Le charme de Saint-Louis, la ville des « signares », ces métisses mariées à
des Français, est bien connu. On se rappelle l’interprétation de France Zobda
dans Les caprices d’un fleuve, le beau film paru en 1996 où jouait également
Bernard Giraudeau. Aussi, je ne reviendrai pas là-dessus. Je dirai seulement
que j’adorai cette agglomération désuète qui ne ressemblait à aucun des
endroits où j’avais vécu. Au serein, quand je me promenais avec les enfants
sous le ciel rouge et or, je poussais parfois aussi loin que N’Dar Toute. La paix
du lieu m’envahissait et un tenace espoir se levait en moi. J’en étais sûre, le
tourment de ma vie allait s’apaiser et j’allais enfin connaître la sérénité.

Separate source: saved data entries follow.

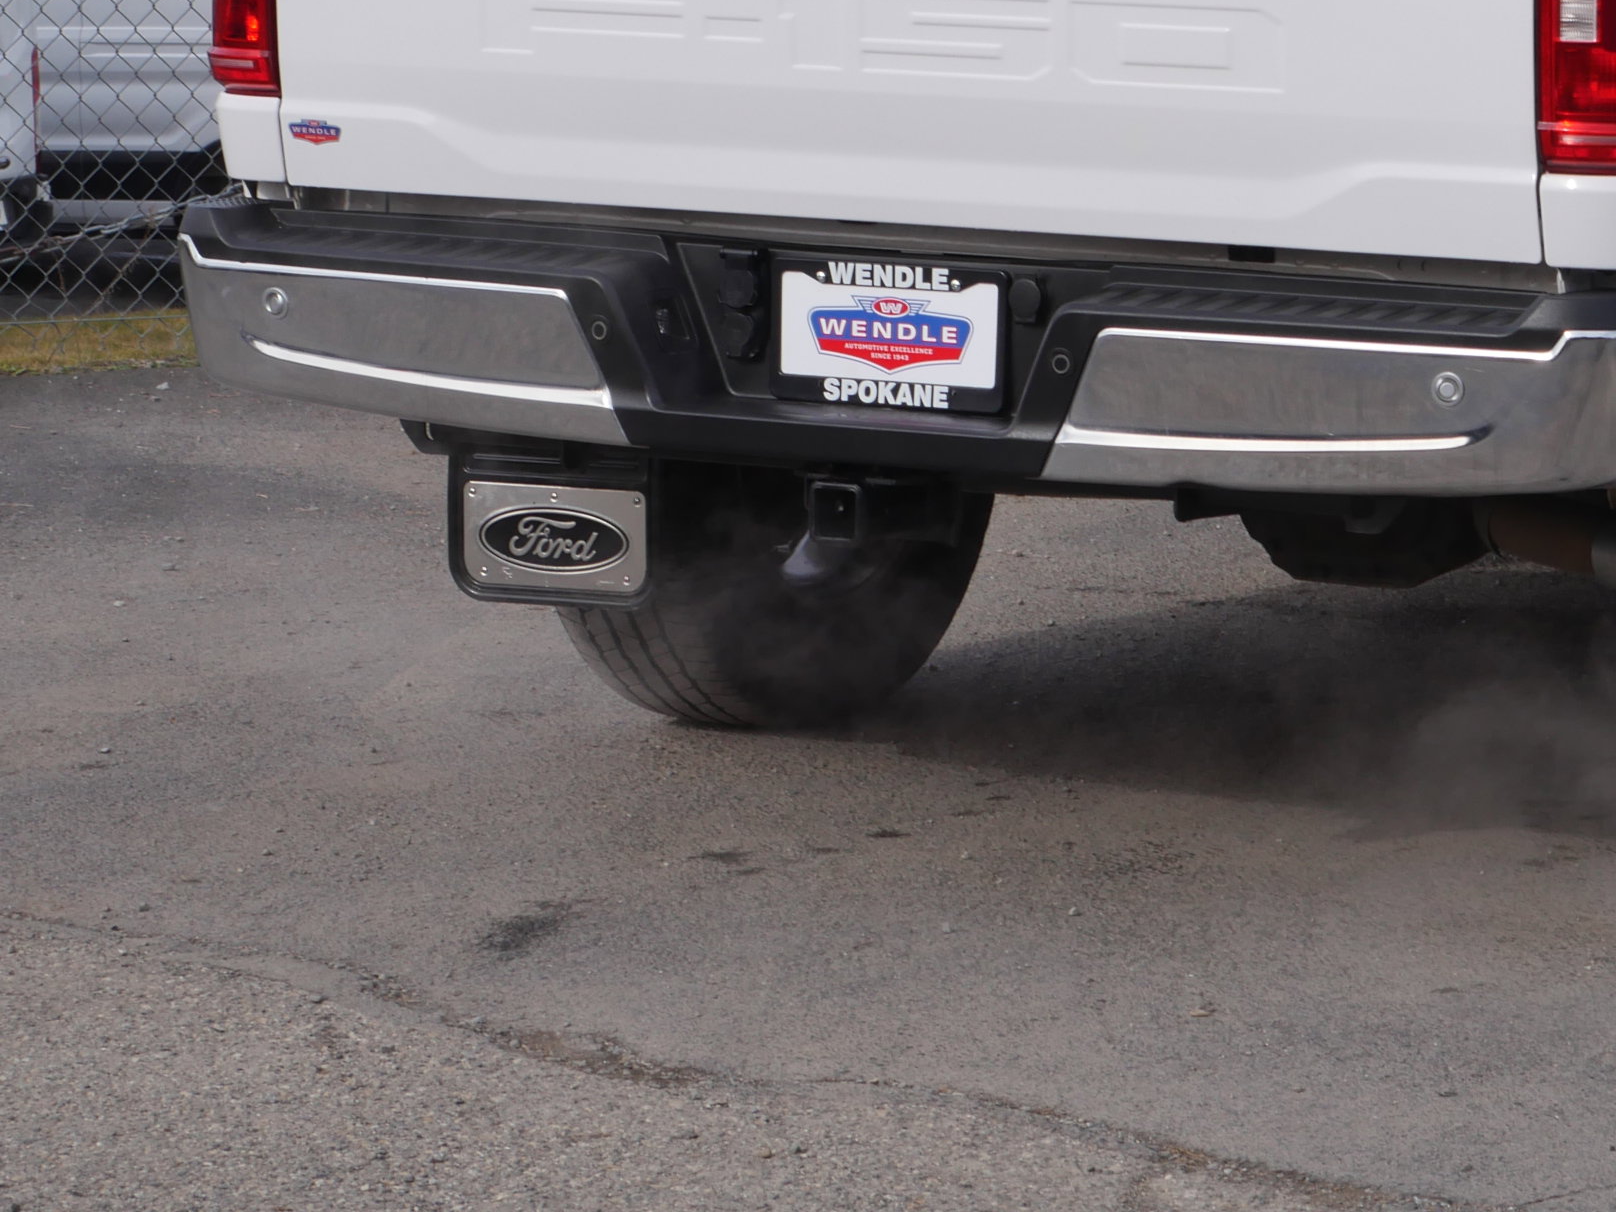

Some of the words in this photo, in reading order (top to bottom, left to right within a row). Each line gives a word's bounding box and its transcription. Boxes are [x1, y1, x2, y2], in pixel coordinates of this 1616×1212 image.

[291, 125, 337, 136] WENDLE
[827, 260, 950, 291] WENDLE
[819, 317, 958, 344] WENDLE
[844, 342, 889, 352] AUTOMOTIVE
[890, 345, 934, 355] EXCELLENCE
[870, 352, 892, 360] SINCE
[823, 377, 950, 409] SPOKANE
[508, 516, 600, 562] Ford

Pourtant, en dépit des apparences, Saint-Louis, c’était Clochemerle. Le
lycée Charles de Gaulle était une énorme caserne qui regroupait des centaines
d’élèves, en provenance des localités de la région. Le personnel enseignant
appartenait à une espèce particulière. Il était largement composé de Français
venus ouvertement « faire du CFA ». On les dénommait des « petits Blancs »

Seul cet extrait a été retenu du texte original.